Want to have a rational debate about the topic? Forget about it. It’s like arguing with a football fan who insists the NFL rigged a playoff game against his team because there was a questionable holding call in the second quarter. It doesn’t matter if the final score is 35-14, he just “knows” that the league is targeting his team and nothing you say can change his mind.

Yet and still, let’s take a look at a few inconvenient facts that the conspiracy theorists love to gloss over.

To begin with, the final tally in Ohio showed Bush burying Kerry by 118,443 votes. That’s more than 220 times the final margin in Florida and it’s not a “close” race by any stretch of the imagination.

How could the GOP even rig an election by that kind of margin? Perhaps Diebold, a corporation a lot of nutters on the left believe has thrown in with the vast right-wing conspiracy, ginned up those totals? Well, that doesn’t really seem possible given that “Diebold machines were used in only two of Ohio’s 88 counties.” So, if Diebold didn’t digitally create those extra 118,443 votes, where did they come from? Perhaps little Republican “vote fairies” sprinkled their magical pixie dust on the ballot boxes and created extra votes for Bush out of thin air, all across the state, without anyone being the wiser.

But what about the exit polls? Didn’t they show Kerry ahead in Ohio? Yes they did, just as the exit polls showed the Democratic candidate overperforming in every election from 1988 to the present.

So, why were the exit polling numbers off? According to Warren Mitofsky, whose company supervised the exit polling:

“Our analysis of the exit polls suggests that we had slightly better cooperation from the Kerry voters than from the Bush voters. In other words, the non-response was not even. There was some unevenness to it. And it favored Kerry.”

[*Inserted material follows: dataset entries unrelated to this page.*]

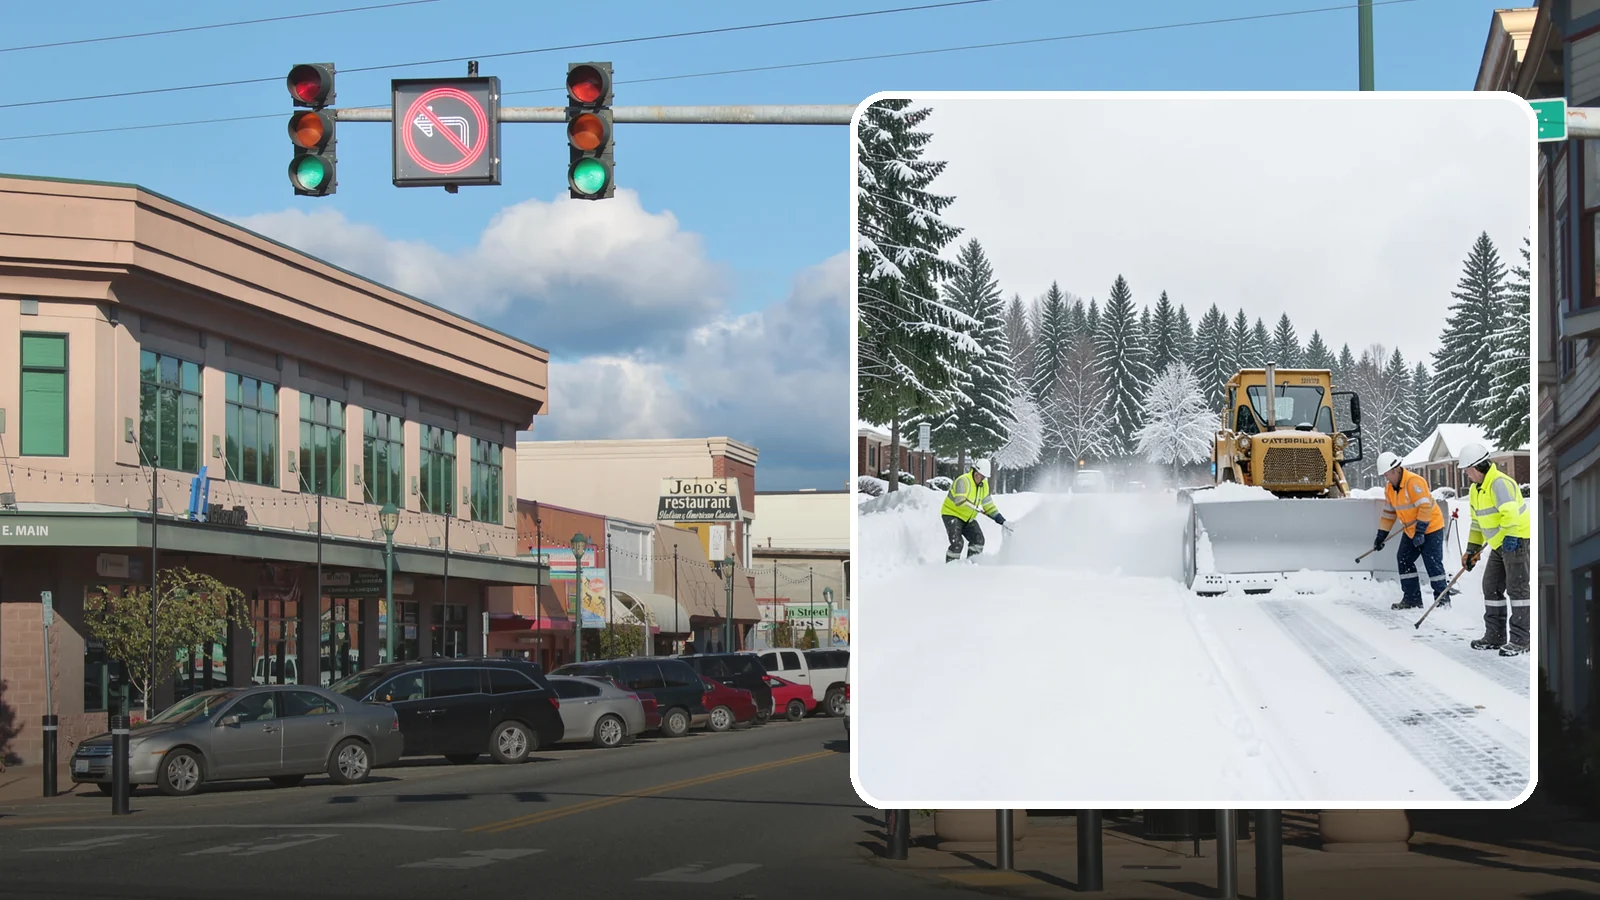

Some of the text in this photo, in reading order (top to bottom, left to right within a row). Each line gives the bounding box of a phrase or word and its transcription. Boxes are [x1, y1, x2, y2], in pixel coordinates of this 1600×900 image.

[670, 480, 728, 494] Jeno's
[665, 496, 731, 509] restaurant
[658, 510, 681, 519] Italian
[686, 510, 714, 519] American
[715, 509, 737, 519] Cuisine
[2, 525, 49, 536] E. MAIN
[797, 607, 829, 617] Street
[791, 619, 824, 627] lass
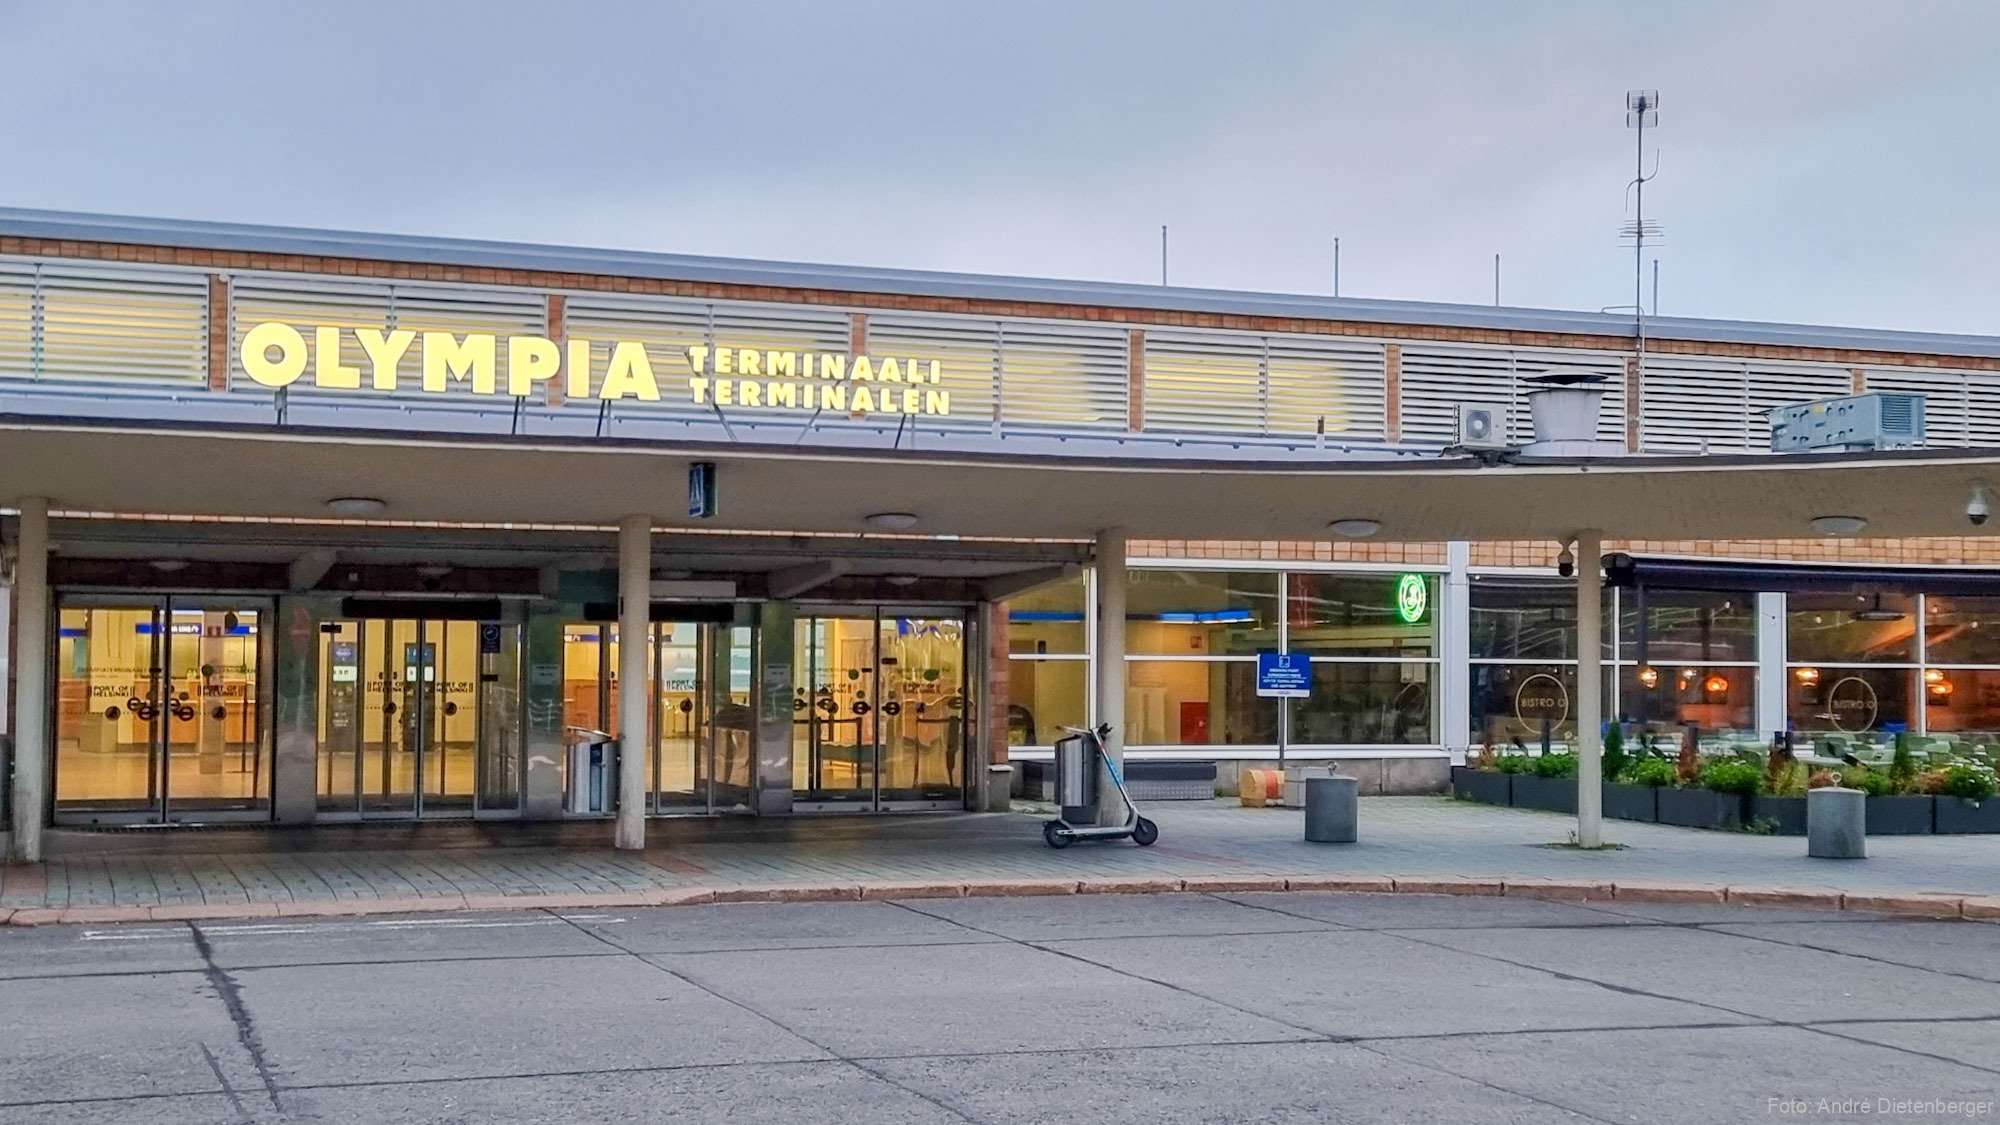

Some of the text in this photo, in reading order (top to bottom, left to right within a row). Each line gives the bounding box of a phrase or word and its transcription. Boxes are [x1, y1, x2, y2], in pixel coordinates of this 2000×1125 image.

[240, 321, 661, 401] OLYMPIA
[688, 345, 941, 385] TERMINAALI
[688, 377, 950, 415] TERMINALEN
[1521, 698, 1566, 708] BISTRO O

The Mayflower Hill blog also said the following after an interview with Mitofsky:

“One possibility he was able to rule out, though, is touch screen voting machines that don’t leave any paper trail being used to defraud the election. To prove this, he broke down precincts based on the type of voting machine that was used and compared the voting returns from those precincts with his own exit polls. None of the precincts with touch screen computers that don’t leave paper trails, or any other type of machine for that matter, had vote returns that deviated from his exit poll numbers once the average 1.9% non-response bias was taken into account.”

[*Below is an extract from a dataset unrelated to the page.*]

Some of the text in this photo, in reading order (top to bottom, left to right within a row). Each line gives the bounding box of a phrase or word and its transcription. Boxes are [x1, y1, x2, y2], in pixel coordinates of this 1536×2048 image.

So, who are you going to believe? The professional pollster who actually ran the exit polling or the liberal partisans, sitting around in their basements wearing tinfoil beanies, who say that the exit polling proved the election was rigged?

As if that wasn’t enough, what about the polling data from before the election? Was it indicating a Bush or Kerry victory? Bush won nine out of the last 10 polls in Ohio. That’s just another indication that the results in Ohio were right on the money.

Here’s the final reality that the conspiracy theorists need to accept: Bush won Ohio in 2004 by a margin so big that it practically precludes the possibility of fraud or inadvertent mistakes having been the deciding factor, especially in our political system, which has people from both political parties involved almost every step of the way. As Michael O’Grady, “the legal counsel to the Ohio Democratic Party” has said about the possibility that the election in Ohio was stolen, “That point of view relies on the assumption that the entire Republican Party is conspiratorial and the entire Democratic Party is as dumb as rocks. And I don’t buy that.” O’Grady is right not to buy it and no one else should either.